VISITE DU PRÉSIDENT LOUBET À LONDRES 6 au
9 juillet 1903 Le 6 juillet, le président
Loubet rendit la visite au roi Édouard VII. À son arrivée à Londres, il fut
surpris par l’accueil enthousiaste qui lui était réservé par la population.
Partout des inscriptions lui souhaitaient la bienvenue; pour traduire
« Long life the president », on avait écrit : « Vive le long
président ! ». Le soir, le roi et la reine l’invitèrent à un dîner
d’apparat à Buckingham. Le roi dans son discours évoqua non plus l’amitié mais
l’affection entre les deux pays. Le lendemain, après une visite
à l’hôpital français, le président assista à un banquet au Guildhall.

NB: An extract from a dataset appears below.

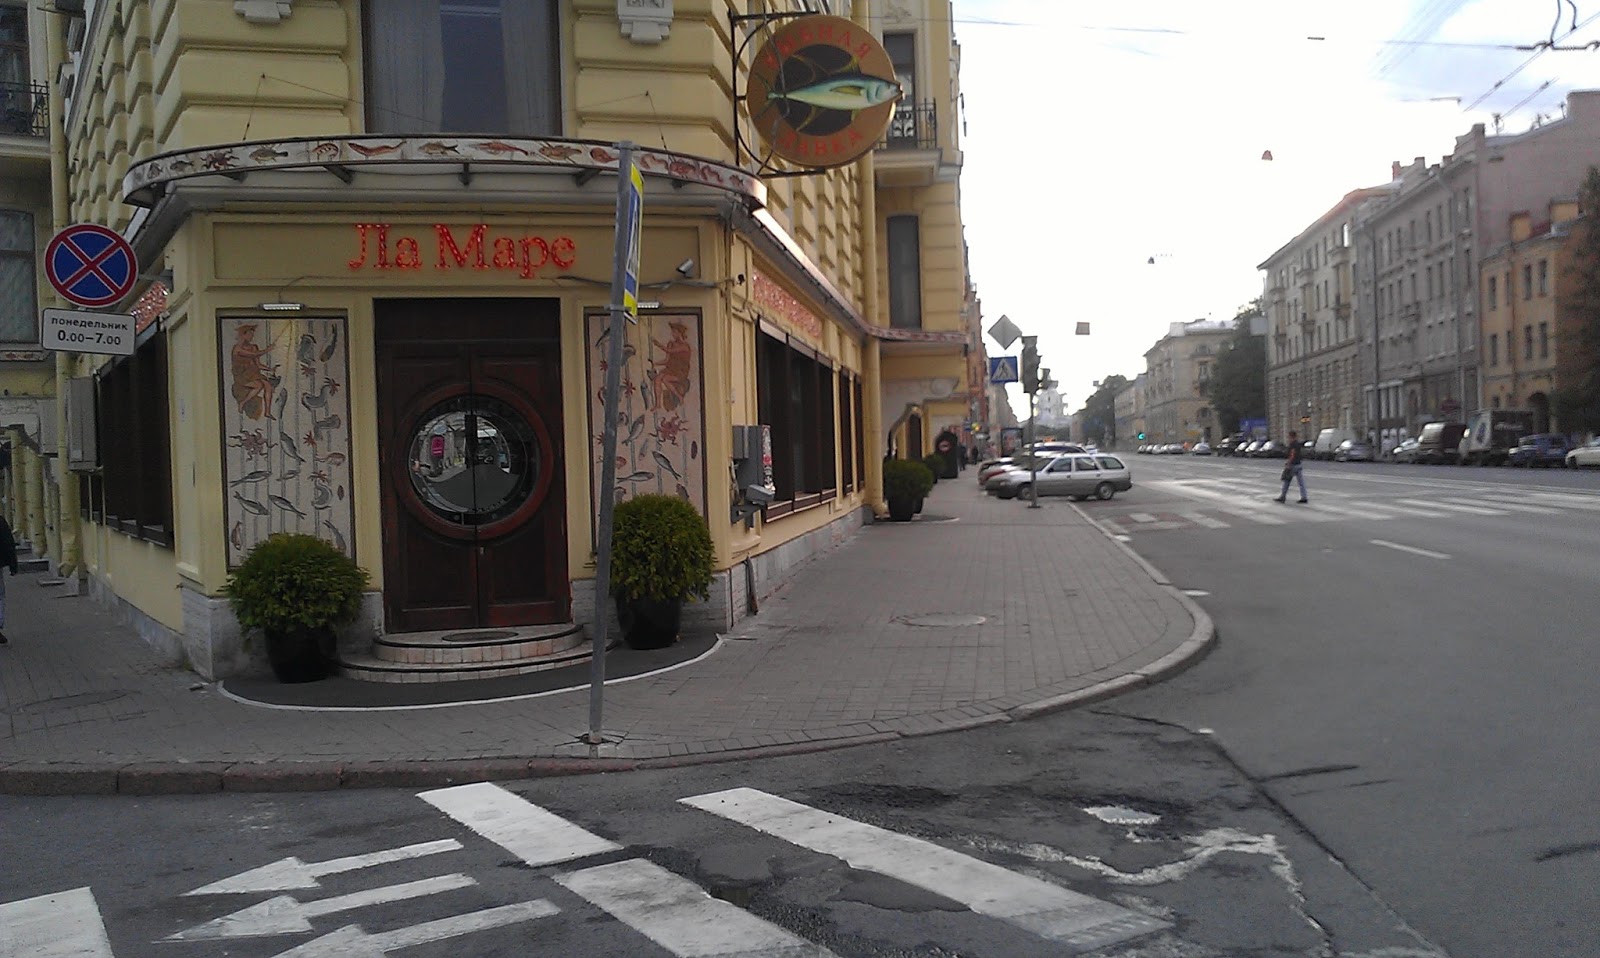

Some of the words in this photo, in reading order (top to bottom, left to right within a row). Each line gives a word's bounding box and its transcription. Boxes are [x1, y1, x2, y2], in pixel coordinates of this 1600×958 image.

[349, 222, 422, 270] Ла
[433, 222, 576, 280] Маре
[51, 316, 129, 331] понедельник
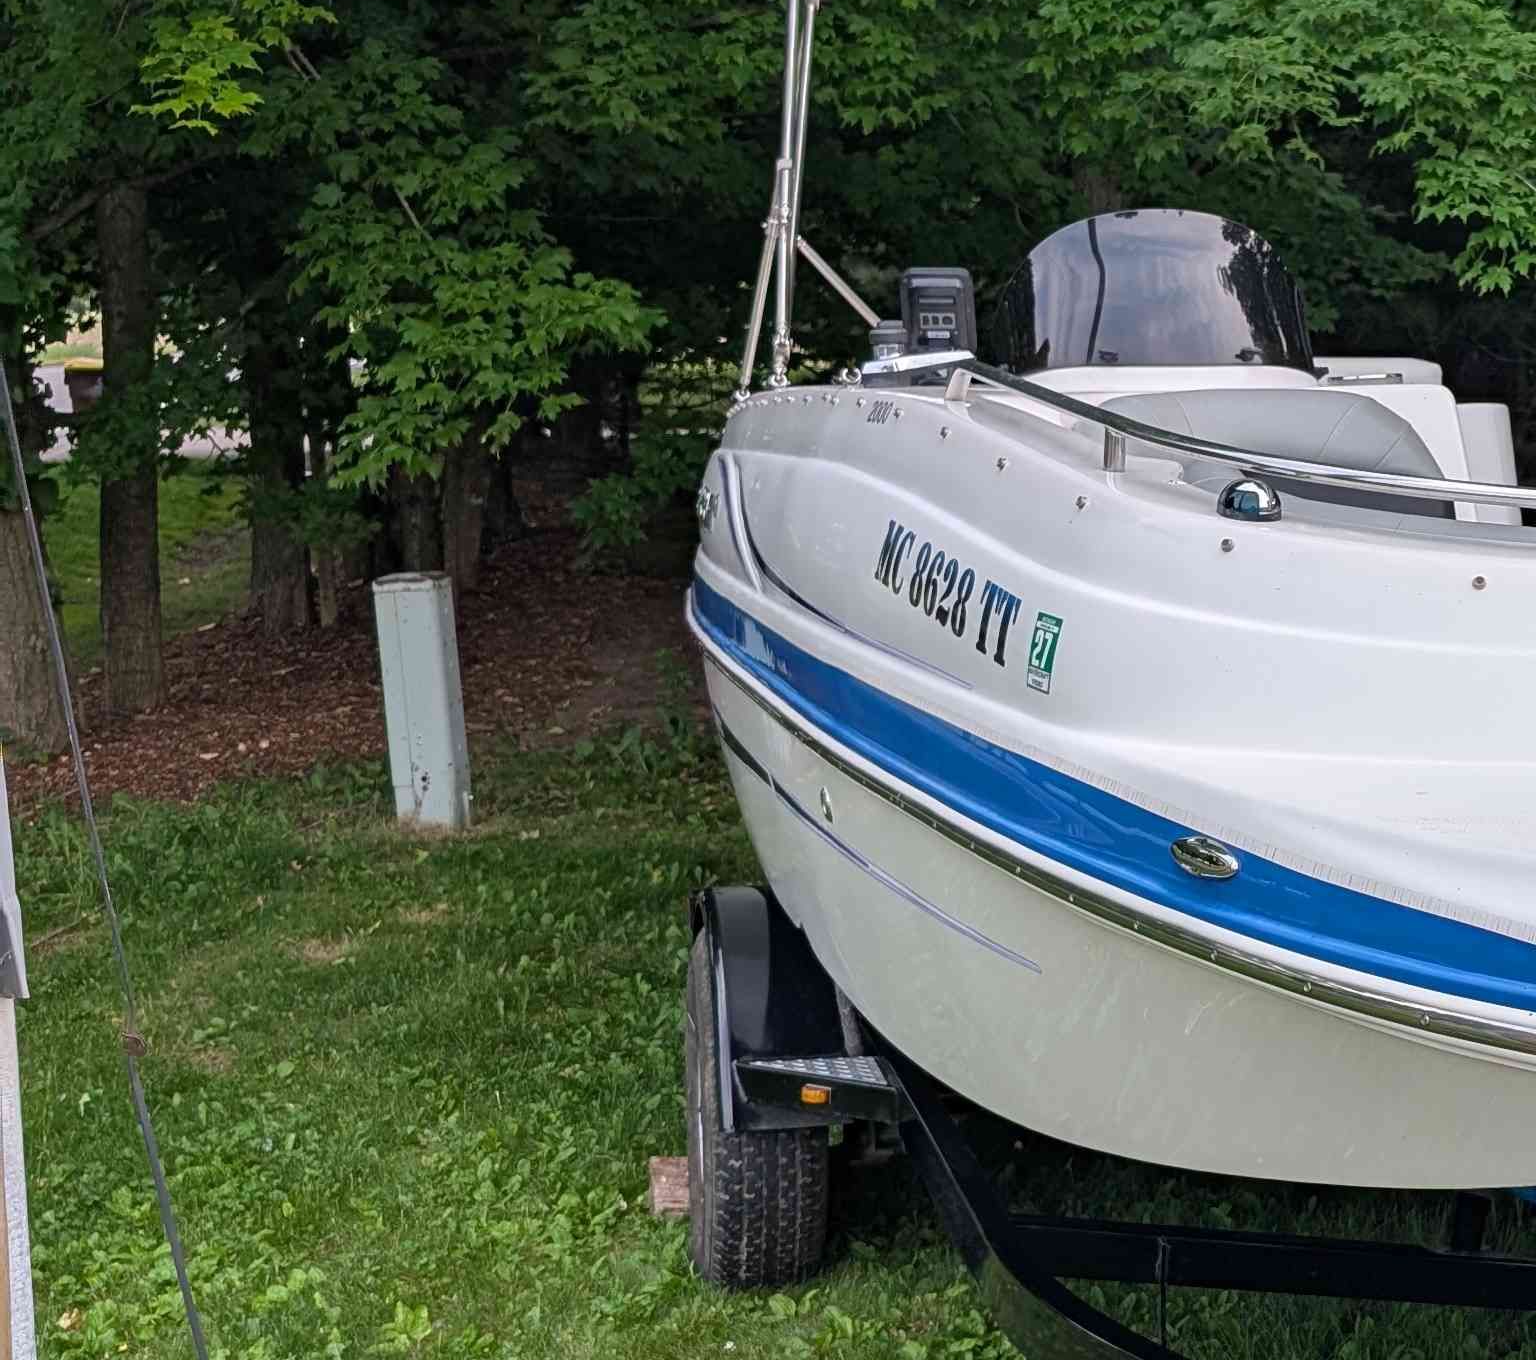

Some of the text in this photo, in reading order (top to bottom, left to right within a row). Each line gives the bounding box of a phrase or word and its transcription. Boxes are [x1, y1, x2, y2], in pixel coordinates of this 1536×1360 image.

Devant un parterre de personnalités, le lord-maire Marcus Samuel lui remit un
coffret d’or, signe d’une amitié durable. Le soir, un dîner en l’honneur du
roi était organisé à l’hôtel de l’ambassade de France. Le 8 juillet au matin,
Émile Loubet visita Windsor, puis se rendit à Aldershot pour une revue
militaire en son honneur. Lord Lansdowne invita le soir
le président français et sa suite à un dîner dans sa propriété de Berkeley
Square, en présence notamment du premier ministre Balfour. La soirée se
termina par le bal de la cour, le premier depuis l’avènement d’Édouard VII.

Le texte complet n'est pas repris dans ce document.